Tuesday, August 26, 2008

Health, Medicine, and Biology

It is suggested that NASA’s current efforts related to health and medicine be augmented with efforts like the ones described below. Again, one way to think about the scale of these new efforts is to consider the funding that would be available if the Constellation transportation program were cancelled, and the resulting funding were divided among several application areas like this one. Depending on the nature of the cancellation (cancellation of the entire ESAS program, or shrinking it to a small version of the astronaut LEO space access portion), varying amounts of funding would be available. A rough order of magnitude estimate of the available funding available once the Shuttle is retired might be $500M to $900M per application area.

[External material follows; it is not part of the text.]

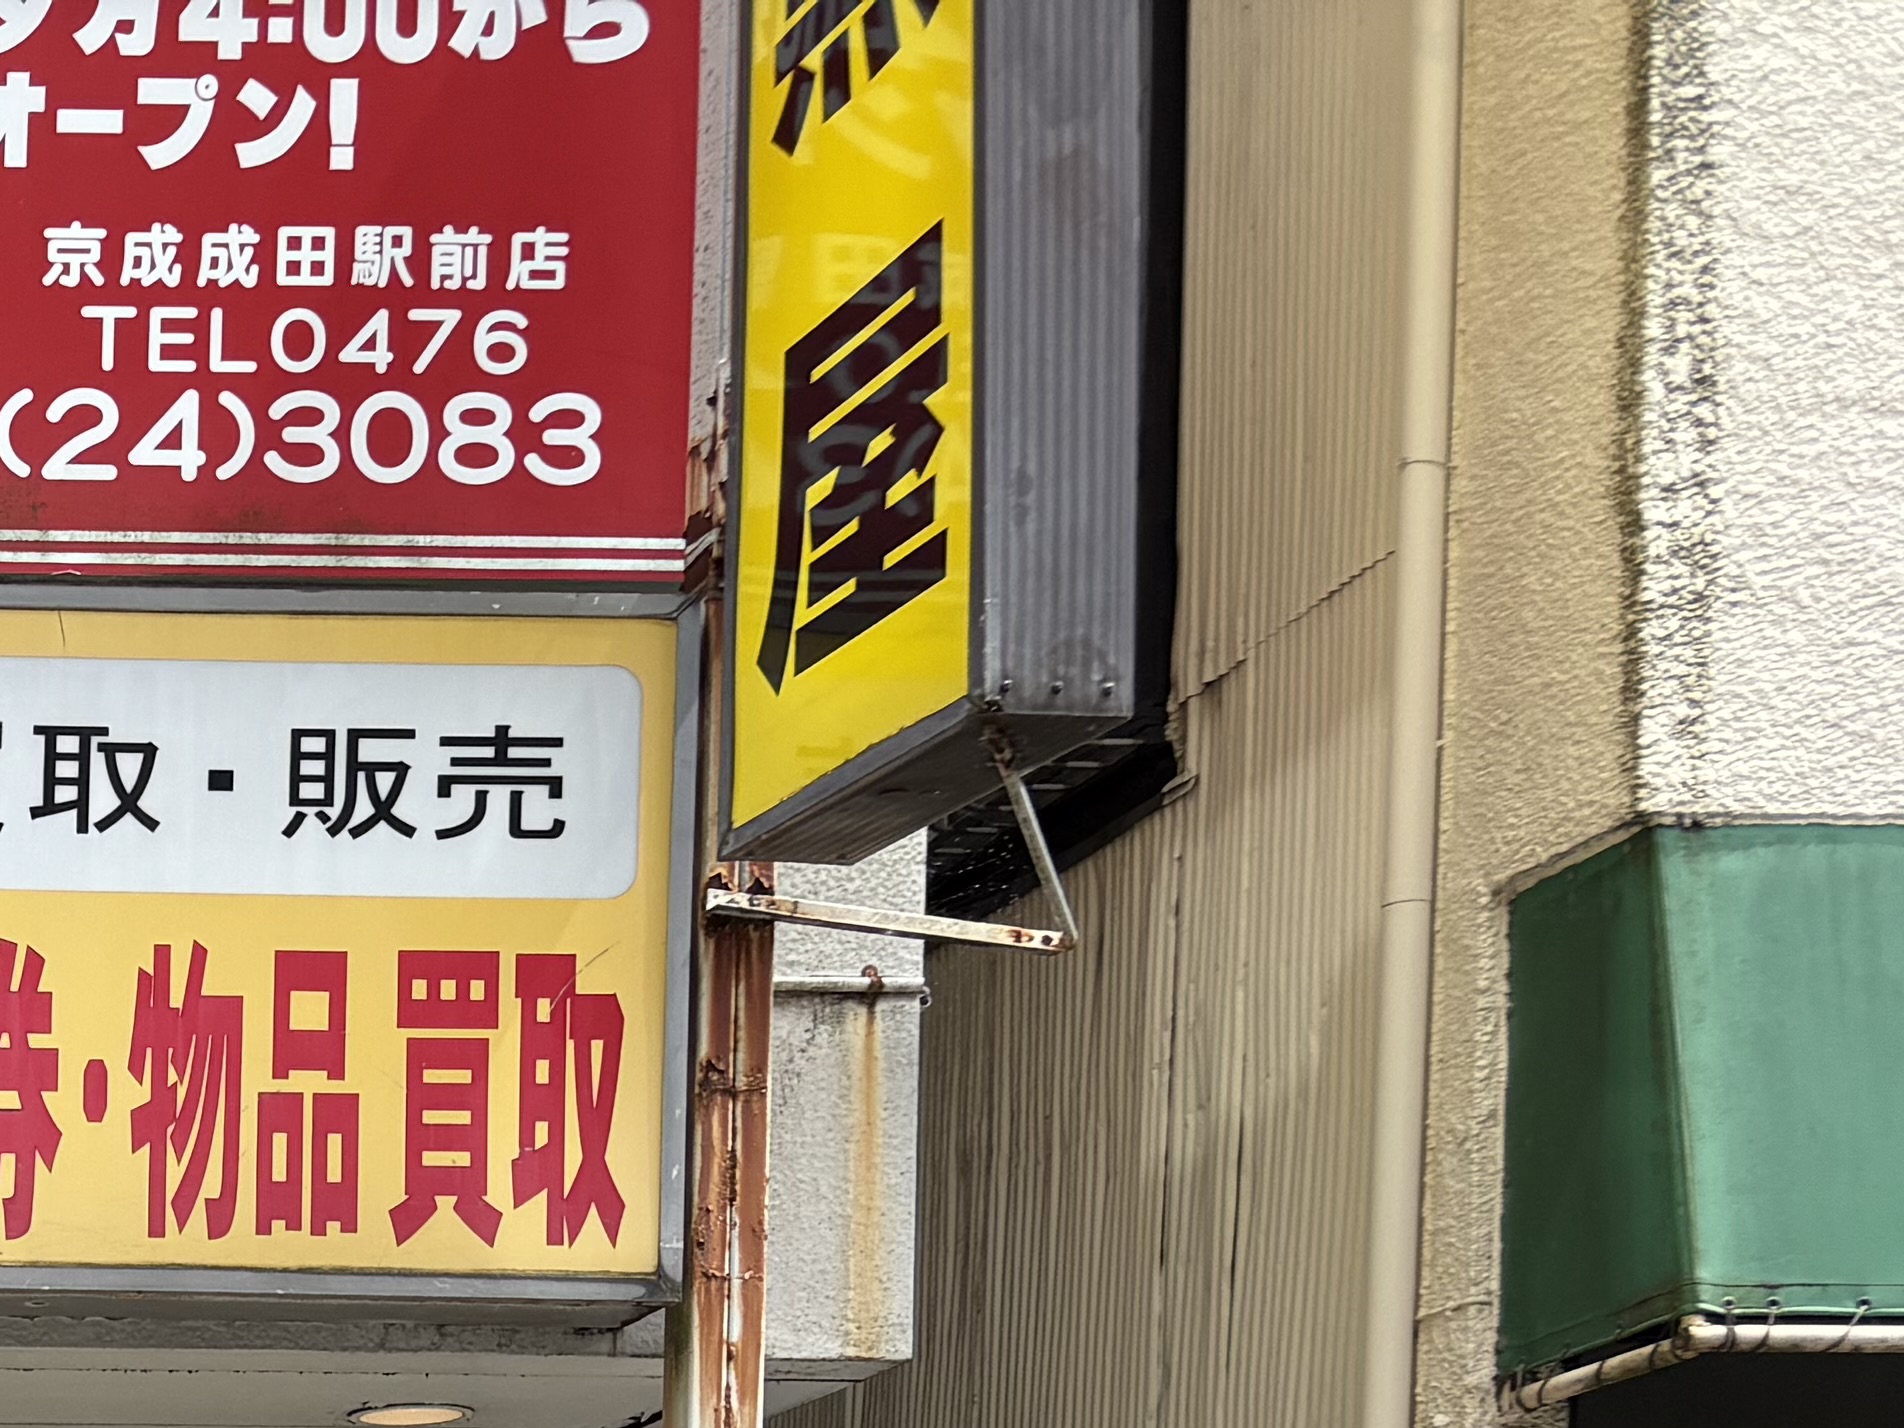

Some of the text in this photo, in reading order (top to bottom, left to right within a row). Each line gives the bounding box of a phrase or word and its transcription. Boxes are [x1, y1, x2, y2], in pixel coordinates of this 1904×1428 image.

[41, 222, 571, 290] 京成成田駅前店
[81, 307, 529, 375] TEL0476

1. Expand ISS Research - Medical and biological research efforts on the International Space Station could be increased. These research efforts might include studies of the effects of microgravity and other aspects of the space environment on plants and animals with either a view towards improving our ability to live and work in the space environment, or gaining insights into health and agriculture problems on Earth. It could also include pharmaceutical research. The priority of this effort should be to encourage non-NASA use of the ISS (for example, commercial, university, and other government agency use). It could include adding to ISS capabilities, for example with new commercial modules or lab hardware.

2. Use of Commercial Space Stations – NASA could become a customer for commercial space stations like those planned by Bigelow Aerospace. It could add to its ISS health, medicine, and biology research efforts through work on these separate space stations. Depending on the services offered by commercial vendors, this effort could include experiments on “man-tended” stations and unmanned commercial satellites.

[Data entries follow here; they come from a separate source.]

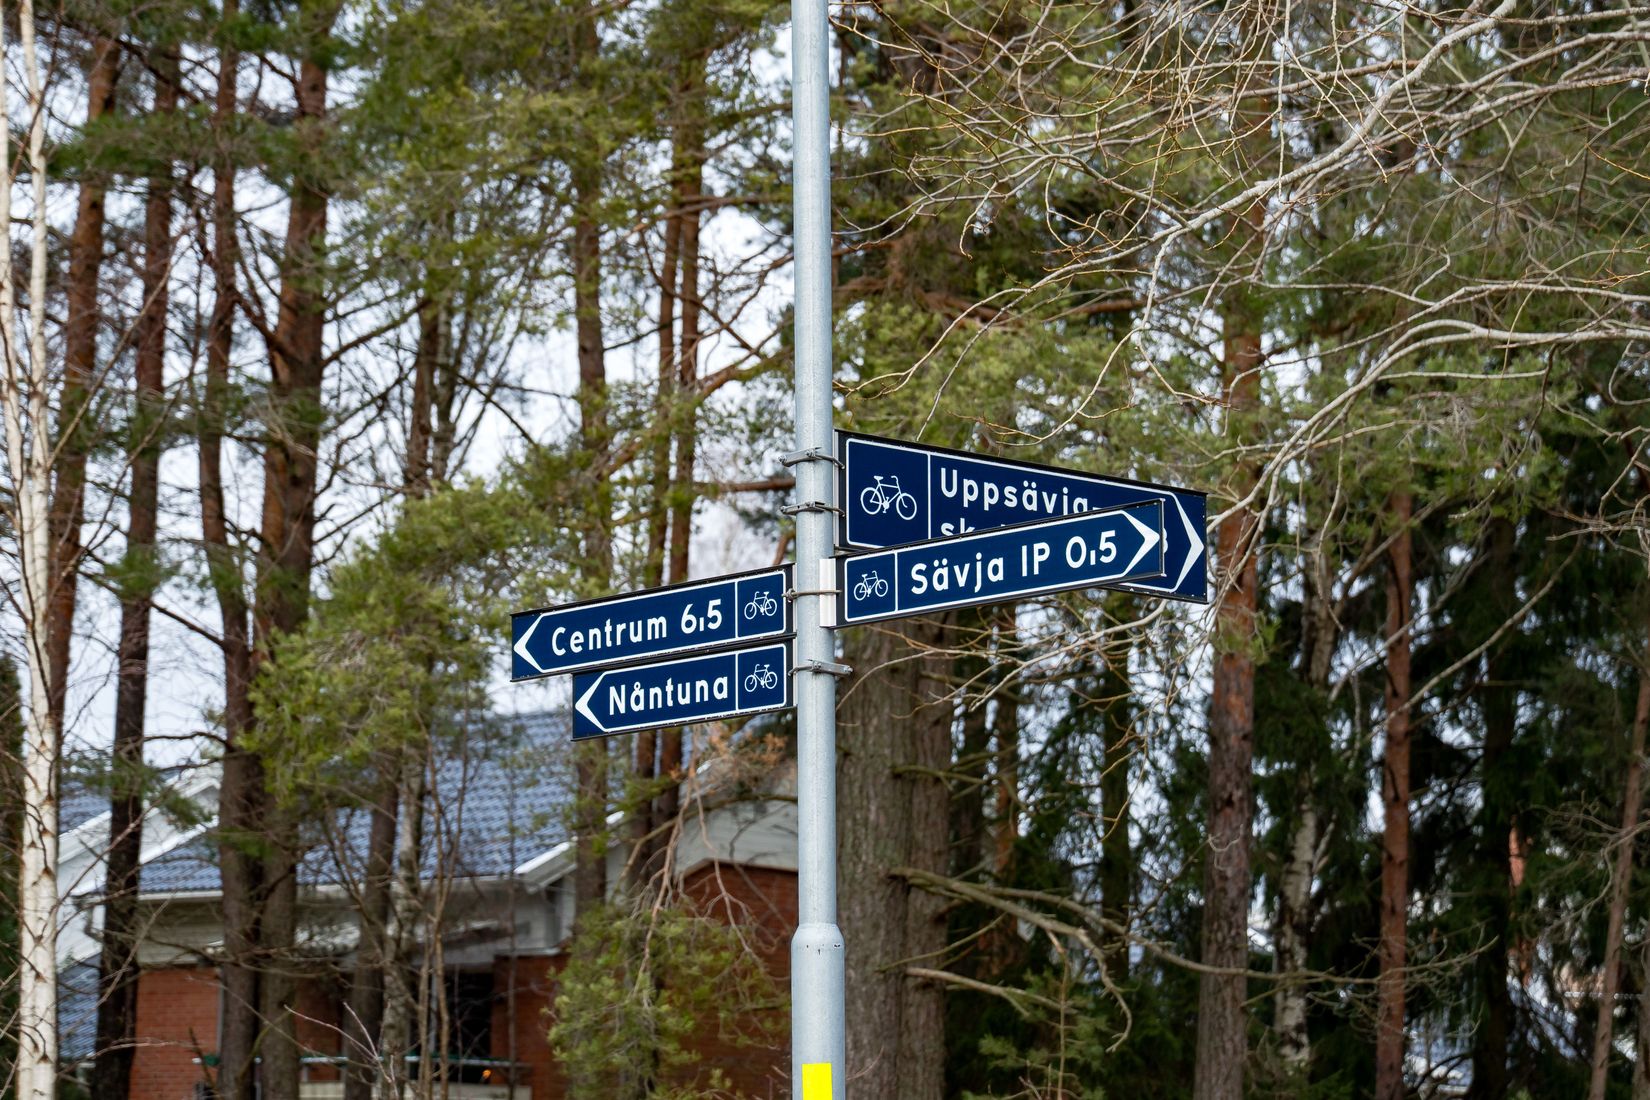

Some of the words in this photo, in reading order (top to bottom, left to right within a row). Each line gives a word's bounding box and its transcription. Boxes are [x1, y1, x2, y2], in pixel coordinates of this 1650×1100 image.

[910, 552, 1004, 595] Sävja
[1021, 541, 1051, 577] IP
[1065, 529, 1117, 569] 0,5
[551, 615, 667, 656] Centrum
[680, 598, 723, 634] 6,5
[609, 676, 728, 716] Nåntuna

3. NASA Infrastructure Demonstrations – NASA could undertake demonstration work that is useful to non-NASA space medicine, biology, health, and agriculture research programs. An example of such potential work is the NASA proposal for a Micro Reentry Vehicle Centennial Challenge. The goal in this case is routine transportation of small research samples or industrial products from space (for example, a space station) to Earth.

4. Suborbital Experiments – NASA could increase its use of commercial suborbital flights and parabolic flights for pharmaceutical, biological, and medical work. The goal is to encourage routine and repeated access to these platforms by NASA researchers and external but NASA-funded researchers.

5. Astrobiology – NASA could increase its efforts in its searches for life in our Solar System, like robotic efforts at Mars and the moons of Jupiter and Saturn. This effort could also include increased funding for study of life in extreme environments on Earth, and the search for Earth-like extra-solar planets.

6. Telerobotic Medicine – Increased funding could be directed towards medical monitoring and treatment of astronauts from the Earth. Application to remote medicine on Earth is obvious.

7. Health and Medicine beyond LEO - Space medicine demonstrations and experiments could be sent to places like the Moon or Mars to test radiation, dust, or other hazards to astronauts there, as well as ways to address those hazards. Similar tests could be done for agriculture. Any such Moon or Mars experiment or demonstration effort would be intended to lay the groundwork for eventual human missions, whether by NASA or commercial ventures. Although the Constellation effort focuses on transportation of astronauts, it would be prudent to do a more thorough investigation of health hazards and ways such as agriculture to increase self-sufficiency before beginning an actual human program to the Moon or Mars. The idea is that the next human program should have a solid foundation, not just a transportation system, so it can result in settlement, not just “flags and footprints”.